Une enfant est morte
Quand aux premiers jours de la seconde Intifada à Gaza, à l’automne 2000, les télés ont transmis la scène brutale de la mort en direct du jeune palestinien de 12 ans, Mohamed Al Durra à Gaza, la communauté internationale s’est mise en branle. Quand le 3 septembre 2015, le corps sans vie du petit enfant Syrien de trois ans, a été découvert sur une plage turque, l’image a bouleversé le monde entier. Mais quand la petite Maha Gadhgadhi, fillette âgée de 11 ans, est morte emportée par les eaux de ruissellement, à Ouled Mefda (gouvernorat de Jendouba), suite aux fortes averses survenues, mardi dernier, elle n’a pas eu droit, même pas, à une pensée lors de la plénière d’investiture de la nouvelle équipe parlementaire. Personne n’y a pensé. Ni le président sortant, ni le nouveau président fraîchement élu, ni les députés eux-mêmes, trop occupés à faire gagner leurs candidats en lice pour le nouveau bureau de L’ARP. Car dans notre pays, quand un enfant meurt emporté par les flots, ce n’est pas aussi important qu’un fauteuil à L’ARP. Mais le comble est que ce n’est pas la première fois que ce genre de drame a lieu dans notre pays. A force de voir les enfants ravis à la fleur de l’âge, fauchés par des voitures, emportés par les eaux furieuses des oueds, assassinés par des criminels sans pitié, on s’en remet à Dieu et on oublie vite que la liste de ces écoliers en état de vulnérabilité est encore longue. En effet, plus de 35000 écoliers sont livrés à eux-mêmes dans les zones rurales et enclavées. Le ramassage scolaire n’étant pas assuré dans les villages isolés. Pourtant, il est l’une des premières causes de l’abandon scolaire qui se trouve aujourd’hui au carrefour de tous les maux qui traumatisent notre société : délinquance, émigration non-régulière, criminalité, chômage, radicalisation, etc. Ces élèves, dont l’âge varie de 6 à 11 ans, se voient contraints de partir à pied, de parcourir des distances qui vont jusqu’à 6 kilomètres par trajet.
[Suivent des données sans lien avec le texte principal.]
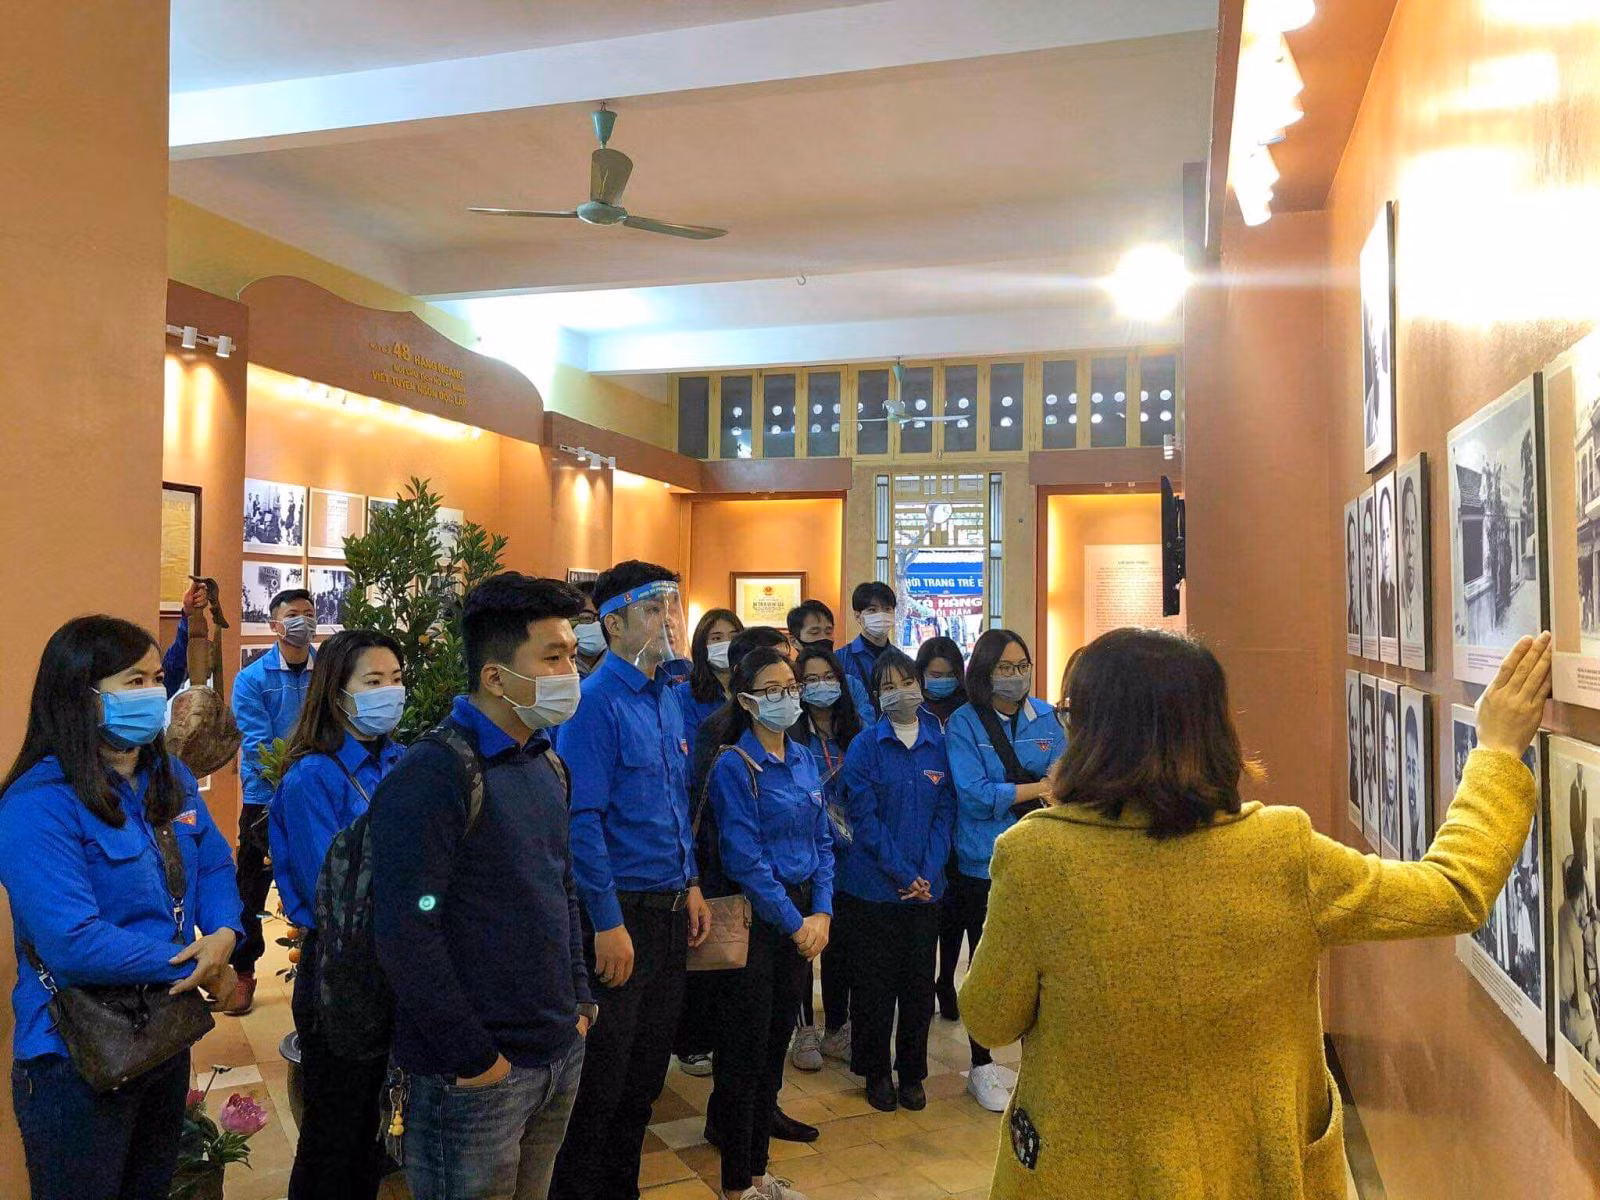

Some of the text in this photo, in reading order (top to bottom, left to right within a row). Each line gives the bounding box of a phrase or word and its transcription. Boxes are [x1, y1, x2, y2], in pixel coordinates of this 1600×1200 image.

Ils sont exposés aux aléas de la nature et à toutes sortes de tracasseries et d’agressions, étant donné qu’ils ne sont pas protégés. Ils sont devenus la cible facile d’agressions et vivent avec la peur au ventre. Et ils ont raison. Car ils se sentent livrés à eux-mêmes dans un Etat qui les oublie. Ce sont pourtant des gens simples, chaleureux, dévoués, généreux.
Ces bambins connaissent dès leur prime enfance une vie de labeur, ils ne s’en plaignent jamais. Pendant les vacances, ils ne vont pas au théâtre, ni au cinéma, mais s’adonnent avec leurs parents aux métiers de la terre.
Ils réclament, ce qui est constitutionnellement, leur droit; la présence de l’état. Car quand on hisse le drapeau rouge avec l’étoile et le croissant, fut-ce dans les contrées les plus reculées, on a non seulement le devoir de protéger la communauté qui y vit mais aussi de leur fournir équipements collectifs, sécurité, soins, éducation, transport, développement et qualité de vie.
Car, face à l’oubli qui plonge ce genre de régions, ces belles régions, dans une immense tristesse, chacun de ces citoyens partage un sentiment d’injustice et d’abandon. Une enfant est morte, elle a un nom, des parents, des amies, et elle pensait qu’elle appartenait à cette terre, cette patrie. Elle avait plein de rêves pour sa carrière, pour sa famille, pour son pays. Et si personne n’est capable de concrétiser ses rêves, au moins qu’on lui demande pardon de ne pas avoir, d’une façon ou d’une autre, pu la protéger d’un destin aussi cruel que notre oubli.